The results of the current review suggest that even among overhead athletes, there are not only unique risk factors for shoulder pain but each of those risk factors is different for each sport. Although this may appear intuitive, these findings support the need for individualization of sports screening and injury prevention programs among different overhead sports and positions where appropriate. Considerations for moving forward in this area of research have been provided as they relate to risk factors associated with shoulder pain and injury within the athletic population based on the findings of the current study. (Table 4).
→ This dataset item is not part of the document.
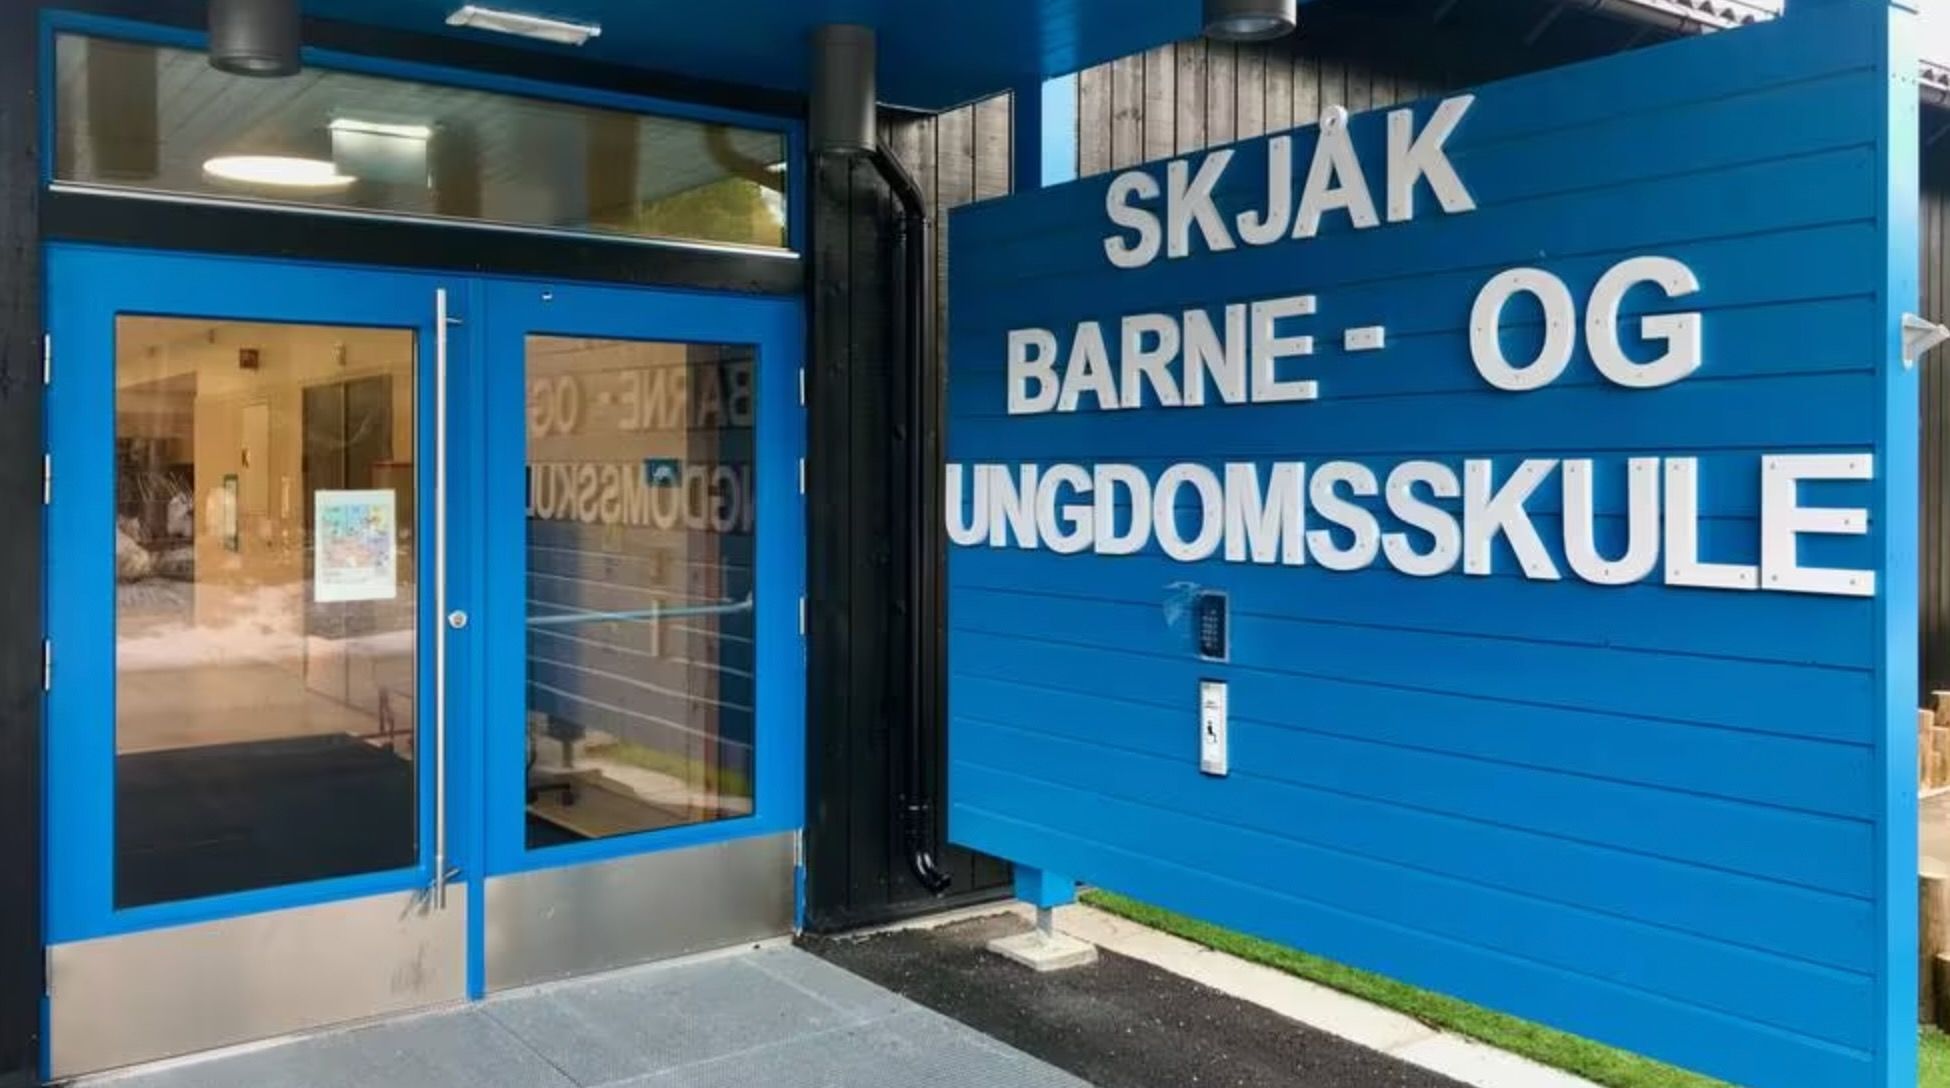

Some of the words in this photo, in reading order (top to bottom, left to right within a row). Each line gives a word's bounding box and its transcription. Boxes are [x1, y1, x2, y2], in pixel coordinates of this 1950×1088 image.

Table 4.Key findings and considerations going forward in the area of risk factors associated with shoulder pain and injury in the athletic population
Key Findings
Modifiable Risk Factors Range of motion - depending on the sport, and position, both increased and decreased range of motion in certain movements have been shown to increase the risk of shoulder pain and or injury among handball, swimming, baseball and cricket athletes
Strength - decreased strength as well as asymmetrical strength in local and regional shoulder musculature across various sports was shown to increase the risk of shoulder pain and or injury. Additionally, asymmetrical hip strength in professional baseball pitchers demonstrated an increased risk of shoulder injuries
Training load - an increase in competition as well as training was shown to Increase shoulder pain and or injury risk among swimming, tennis, baseball, and handball athletes
Non-modifiable Risk Factors Local and or regional musculoskeletal pain - history of pain in the elbow and shoulder of youth baseball players presents an increased risk for shoulder injury
Previous injury - history of an injury at the trunk, lower extremity and shoulder increase the risk of shoulder injury among professional baseball pitchers
Considerations Moving Forward
Utilize a consistent and well-defined definition of injury and pain using appropriate parameters
Differentiate between pain and injury based on previously established and accepted definitions
Separate data and findings into both shoulder and elbow categories when investigating risk factors related to “arm” pain and injury
Clearly define and account for athletic exposures based on previously established and accepted definitions
Utilize valid and reliable methods to objectively measure variables considered to be risk factors. Additionally, developing valid, reliable and meaningful methods that do not exist to quantity variables (ie. athlete fatigue, true pitch counts in baseball, etc.)

Limitations

One of the limitations of this study is the restrictive inclusion and exclusion criteria to investigate the specific aim of this study. Additionally, being able to determine studies where athletes were not experiencing pain or injury at baseline was not always clear as well as the variability in the definitions of injury and pain and how risk factors were measured. Finally, only studies published in the English language were included.

CONCLUSION

The results of this systematic review suggest that there are a number of modifiable risk factors associated with the new onset of shoulder pain among athletes from various overhead sports, including range of motion, strength, and training load. These findings may be used to tailor sport specific screens and injury prevention programs to address areas such as ROM, strength, and training load in order to mitigate shoulder injury risk. These findings are supportive of a “drilling down” approach to risk factors specific to body region, sport, and where applicable, position. Future research would benefit from determining and or adhering to specific definitions of injury and using these uniformly in methods used to quantify possible risk factors.

Conflicts of Interests

The authors report no conflicts of interest

Trial Registration

PROSPERO: CRD42020187086

Acknowledgements

Kelly Freehauf and Ethan Launstein for their work on data extraction quality checking.